§ What the task requires
Transcribe each line below verbatim; pictures excluded.

[Information — start]

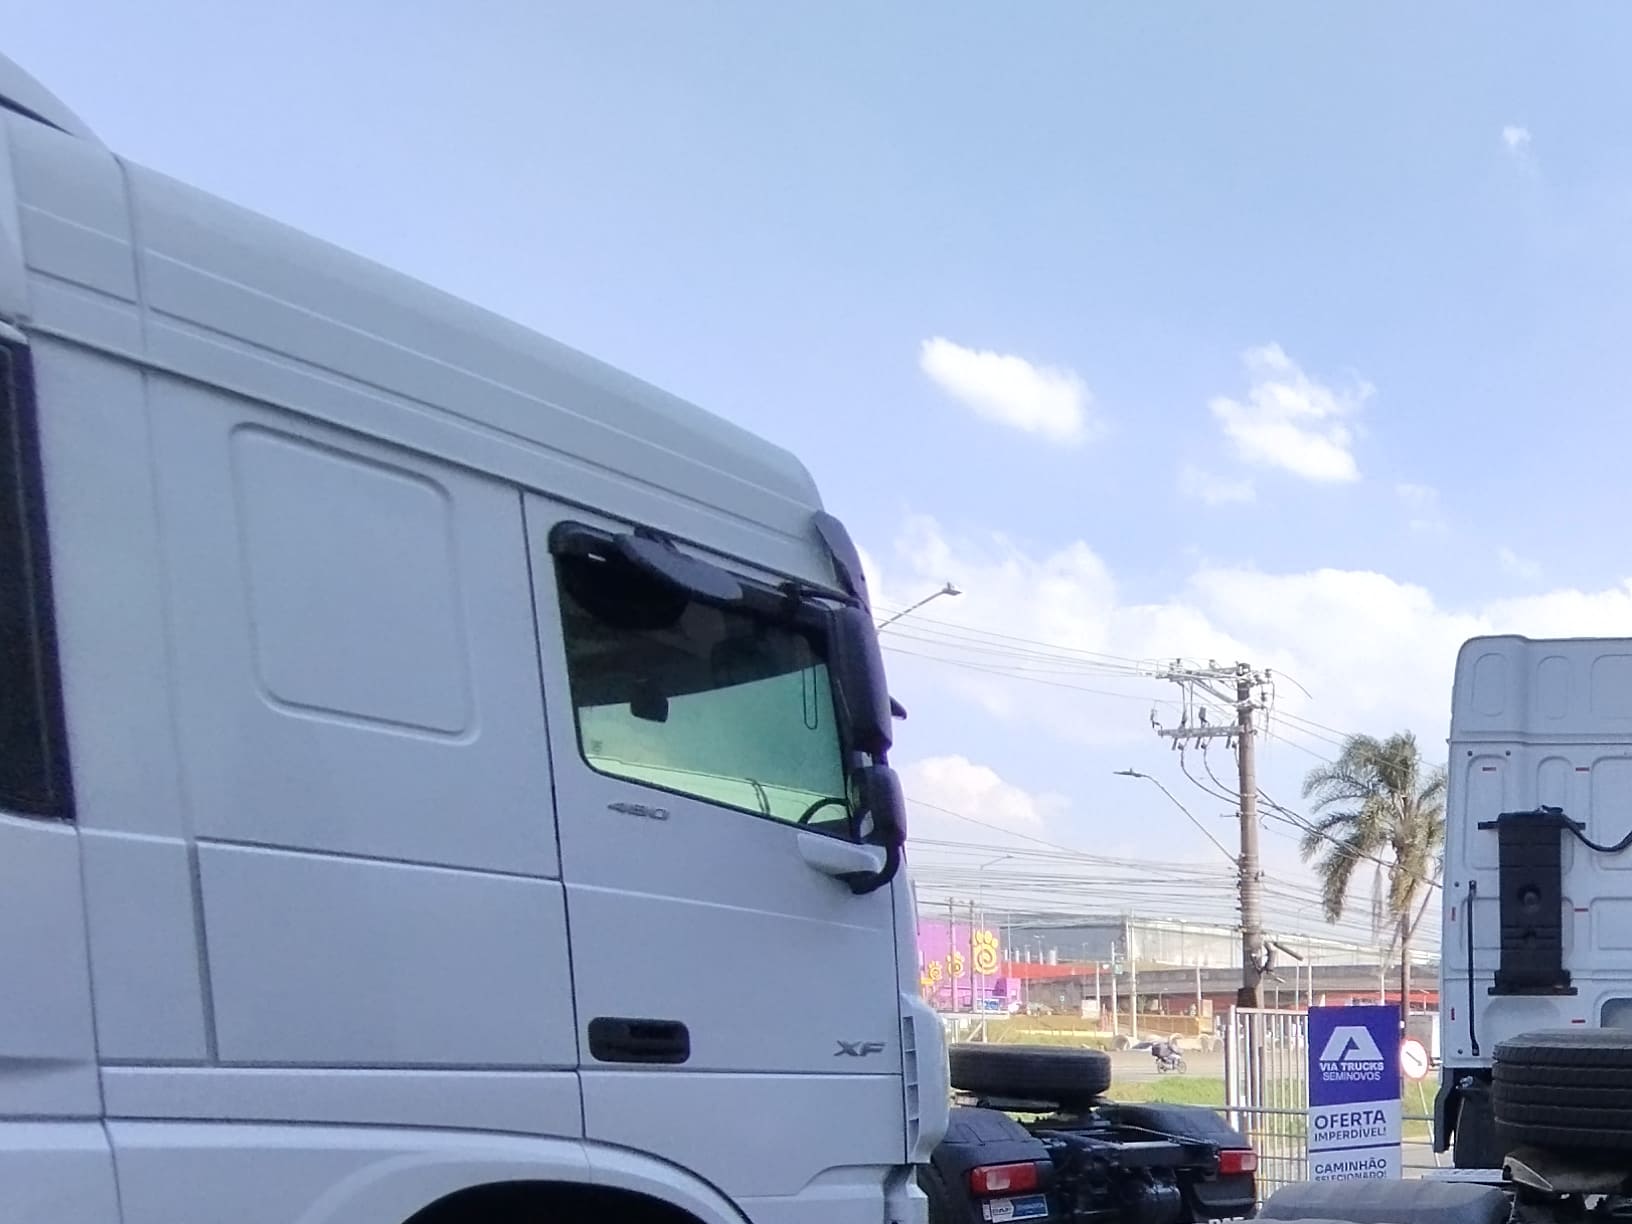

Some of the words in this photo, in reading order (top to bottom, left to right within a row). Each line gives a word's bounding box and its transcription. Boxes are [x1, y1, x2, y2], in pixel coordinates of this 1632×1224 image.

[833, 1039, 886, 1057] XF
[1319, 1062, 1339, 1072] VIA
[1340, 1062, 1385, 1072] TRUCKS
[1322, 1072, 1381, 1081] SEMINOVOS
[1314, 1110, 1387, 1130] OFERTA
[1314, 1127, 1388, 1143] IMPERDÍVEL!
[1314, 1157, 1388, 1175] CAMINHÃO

[Information — finish]

§ Reply to the task
Some of the words in this photo, in reading order (top to bottom, left to right within a row). Each line gives a word's bounding box and its transcription. Boxes are [x1, y1, x2, y2], in pixel coordinates of this 1632×1224 image.

[833, 1039, 886, 1057] XF
[1319, 1062, 1339, 1072] VIA
[1340, 1062, 1385, 1072] TRUCKS
[1322, 1072, 1381, 1081] SEMINOVOS
[1314, 1110, 1387, 1130] OFERTA
[1314, 1127, 1388, 1143] IMPERDÍVEL!
[1314, 1157, 1388, 1175] CAMINHÃO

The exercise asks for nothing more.